Colombia is firmly aligned with the United States and the Bush administration, and that alignment is in the present interests of the country. There is no other source of significant assistance. Given that the drugconsuming nations – which include the Europeans, who consume getting on for half of the drugs that come from Colombia – are not going to change their policies in the near future, US policy is broadly appropriate, effective, discreet and well informed: Miami is, after all, only a couple of hours away. Colombians are not anti-American – during a visit from Rumsfeld last year not a single stone was thrown or wall painted. Relations with immediate neighbours vary, but the Uribe government is not isolated. Cooperation with Brazil, which has large and growing drug-related problems, has much improved, and this has also been the case with Peru.Venezuela under the erratic populist Hugo Chavez remains a problem: he has from time to time inclined to neutral postures that favour the FARC, and makes arms purchases that it is hard for Colombia to ignore.

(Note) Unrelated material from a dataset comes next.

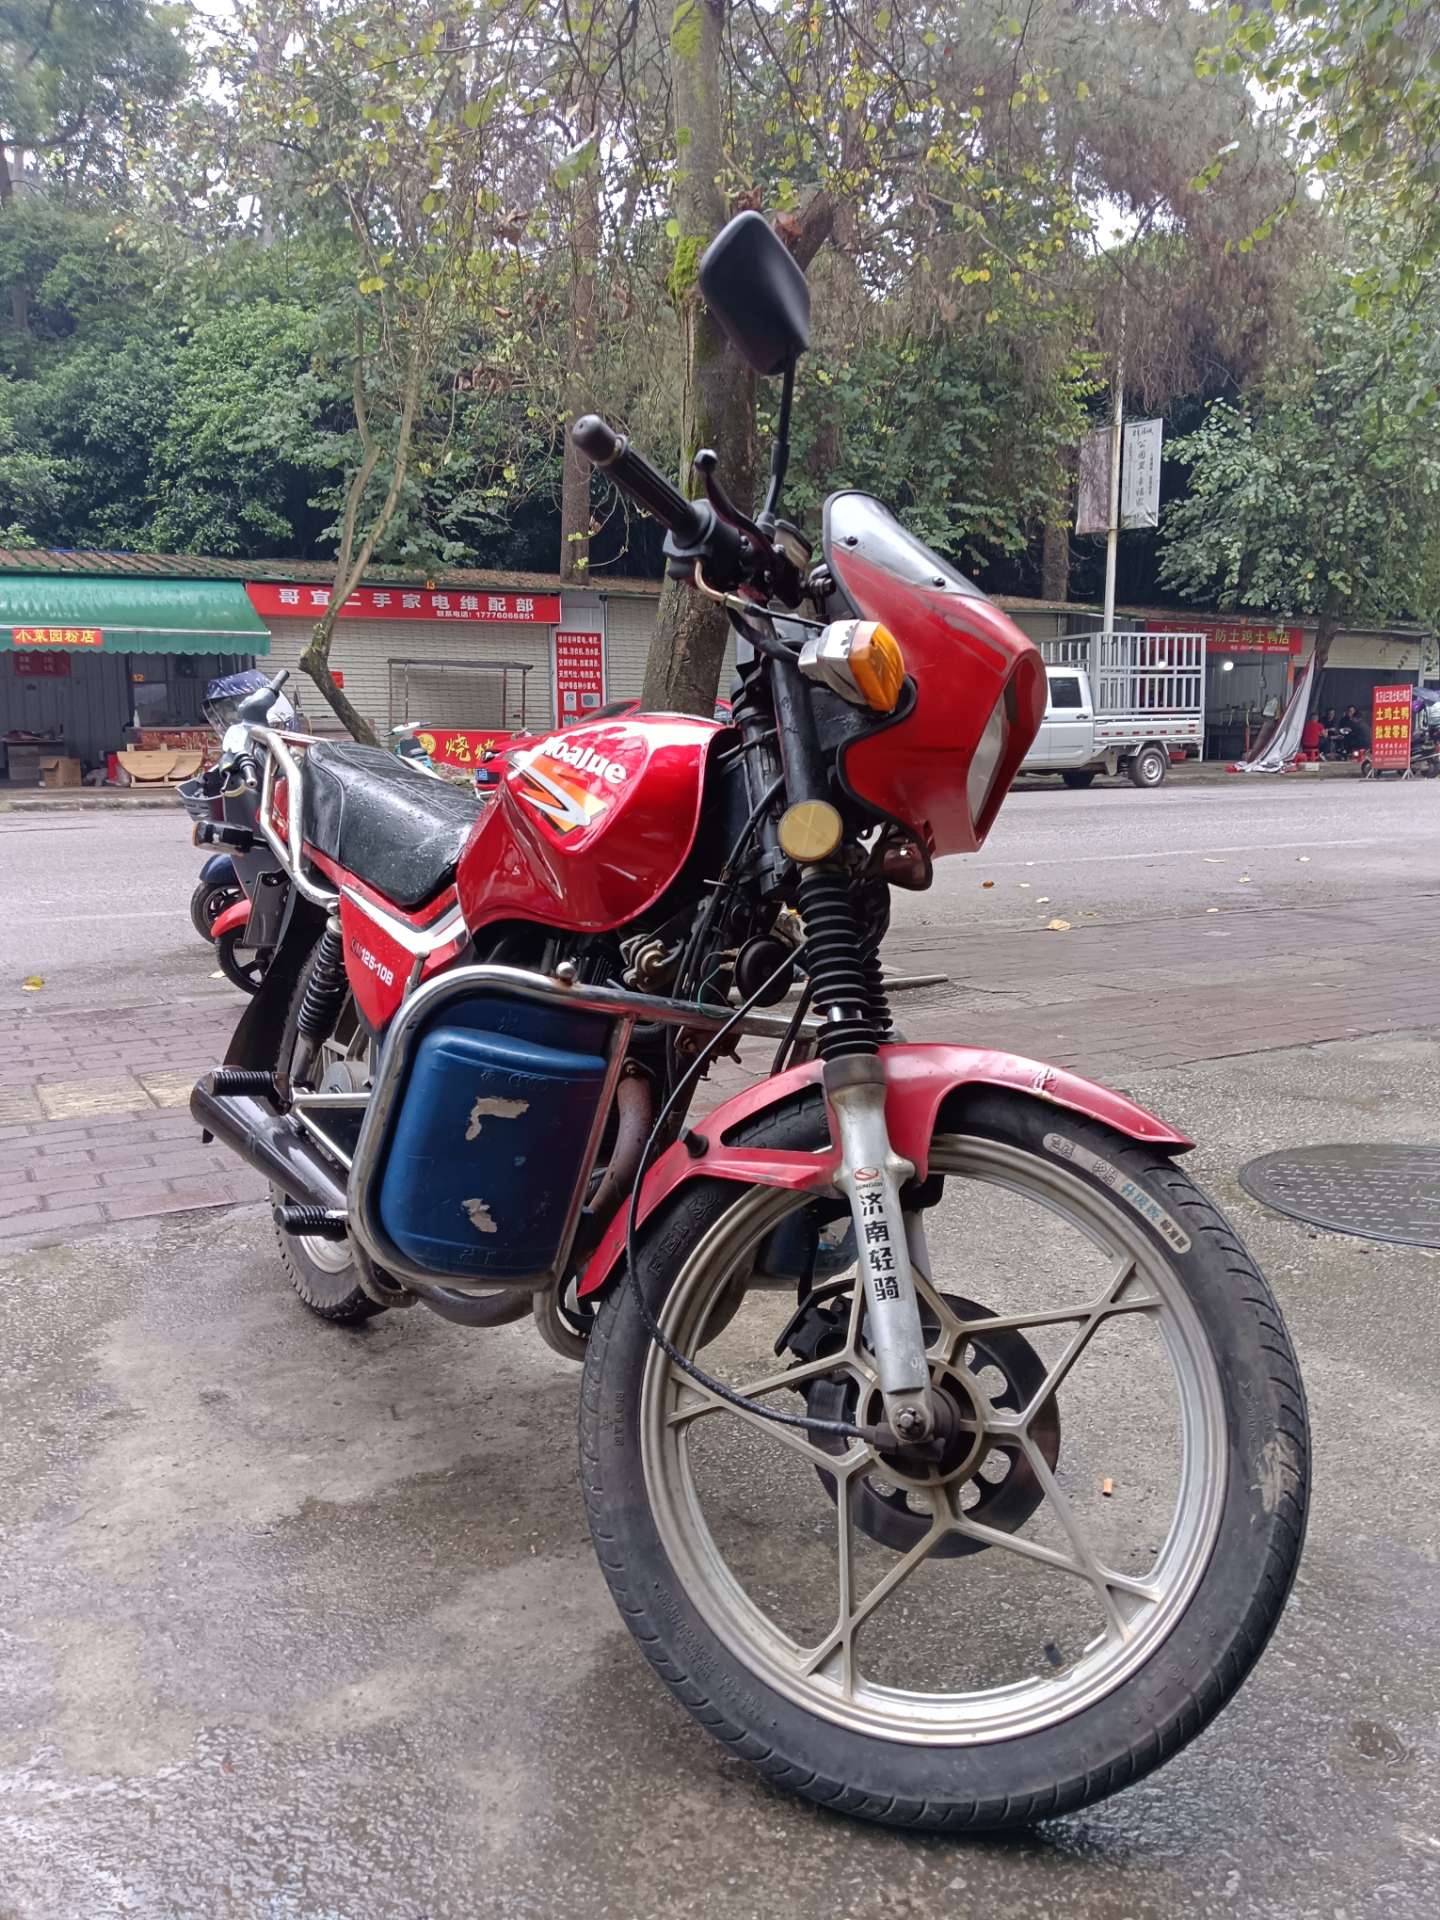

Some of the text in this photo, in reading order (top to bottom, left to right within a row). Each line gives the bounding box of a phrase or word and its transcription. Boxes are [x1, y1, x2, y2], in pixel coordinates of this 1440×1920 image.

[15, 629, 95, 643] 小菜园粉店
[860, 1192, 900, 1301] 济南轻骑

And what of Europe? The Colombian government has received consistent support from the UK and Spain – countries familiar with terrorism – but the rest, and particularly the EU, usually appear as distant and partial moralisers,manipulated by NGOs bent on discrediting President Uribe. After a lecture in Berlin, Paul Collier was asked by an earnest member of his audience: “What could Germany do to help?” I recall his concise reply: “Put your own house in order by controlling money-laundering and the sale of precursor chemicals, stop sympathising with groups that do not deserve your sympathy, and consider a modest programme of military aid.” It was greeted with astonished silence.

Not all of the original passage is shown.